Only the pictures are to be left out; please reproduce everything else in the data exactly.

=== Begin Enclosure ===

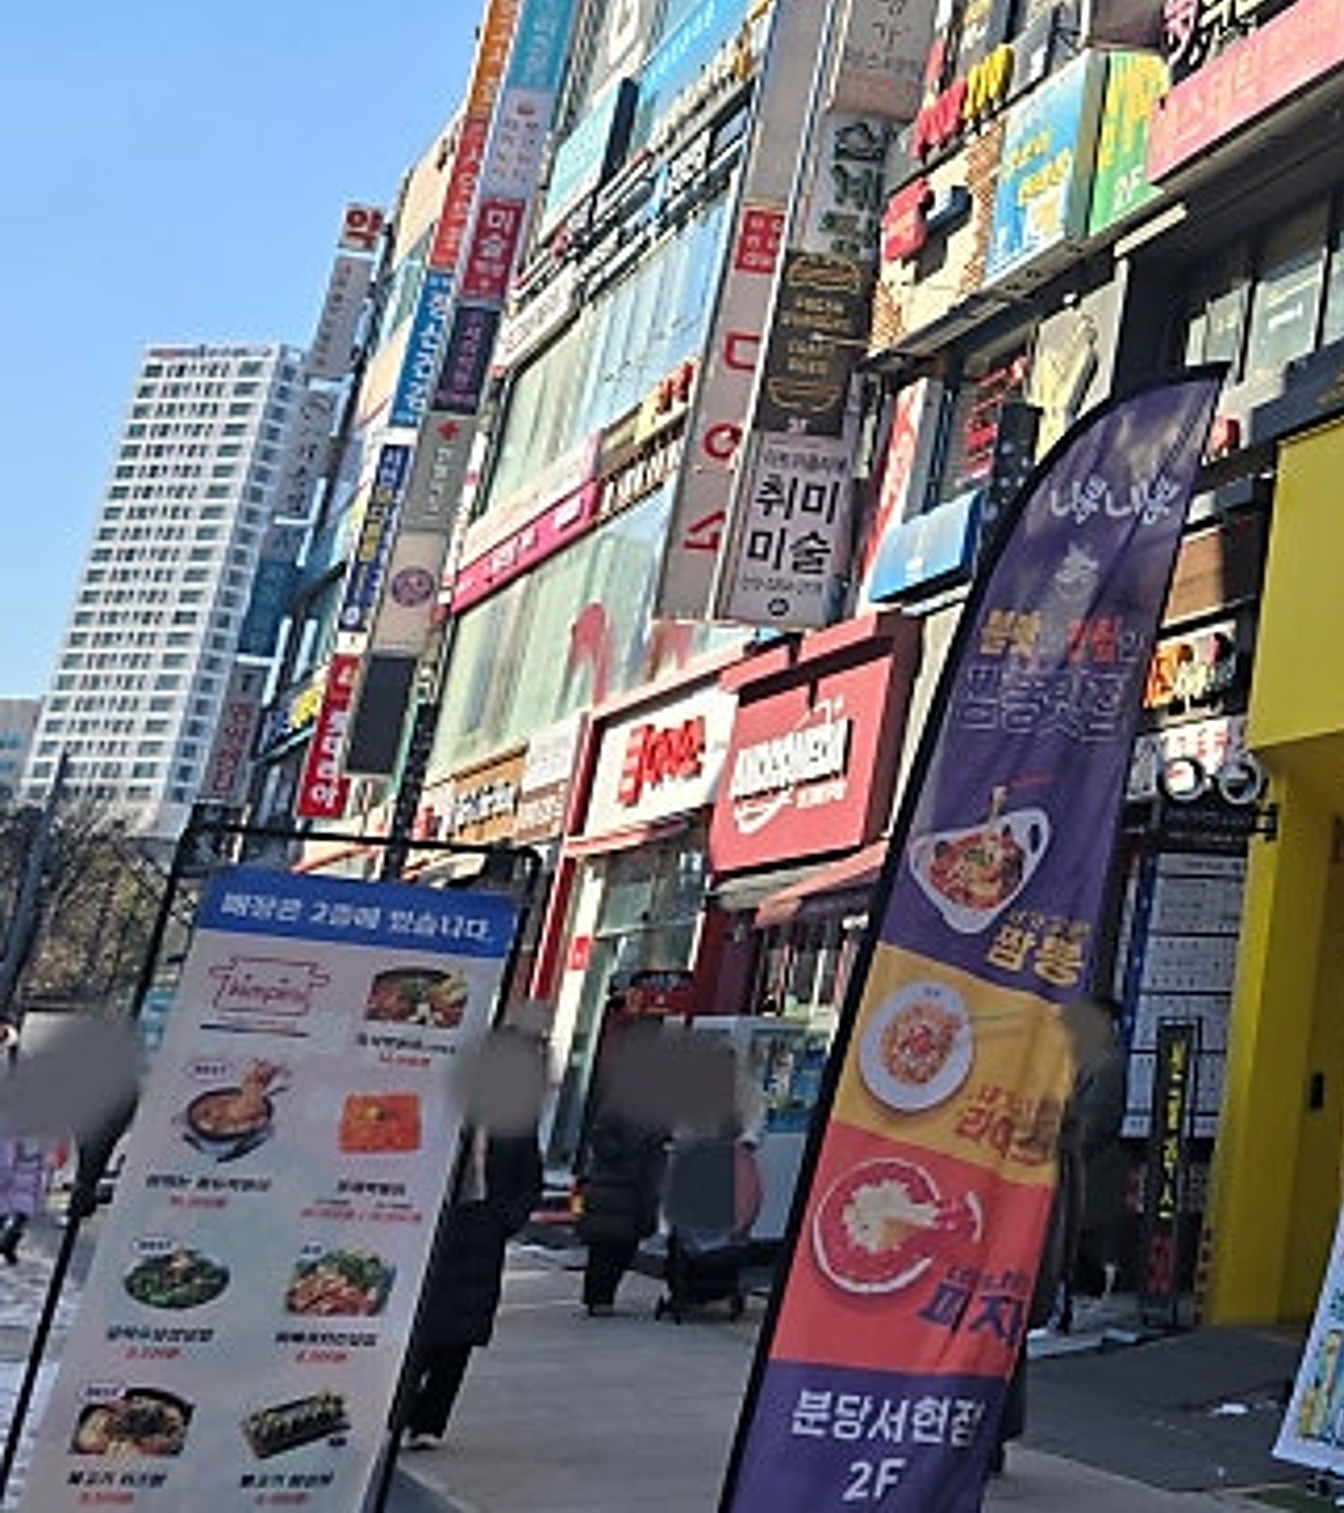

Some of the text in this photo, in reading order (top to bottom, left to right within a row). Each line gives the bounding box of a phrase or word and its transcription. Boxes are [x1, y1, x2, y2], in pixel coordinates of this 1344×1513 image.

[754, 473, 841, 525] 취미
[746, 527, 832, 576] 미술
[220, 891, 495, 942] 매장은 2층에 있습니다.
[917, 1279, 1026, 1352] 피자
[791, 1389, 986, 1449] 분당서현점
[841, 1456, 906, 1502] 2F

=== End Enclosure ===

(REPLY)
Some of the text in this photo, in reading order (top to bottom, left to right within a row). Each line gives the bounding box of a phrase or word and its transcription. Boxes are [x1, y1, x2, y2], in pixel coordinates of this 1344×1513 image.

[754, 473, 841, 525] 취미
[746, 527, 832, 576] 미술
[220, 891, 495, 942] 매장은 2층에 있습니다.
[917, 1279, 1026, 1352] 피자
[791, 1389, 986, 1449] 분당서현점
[841, 1456, 906, 1502] 2F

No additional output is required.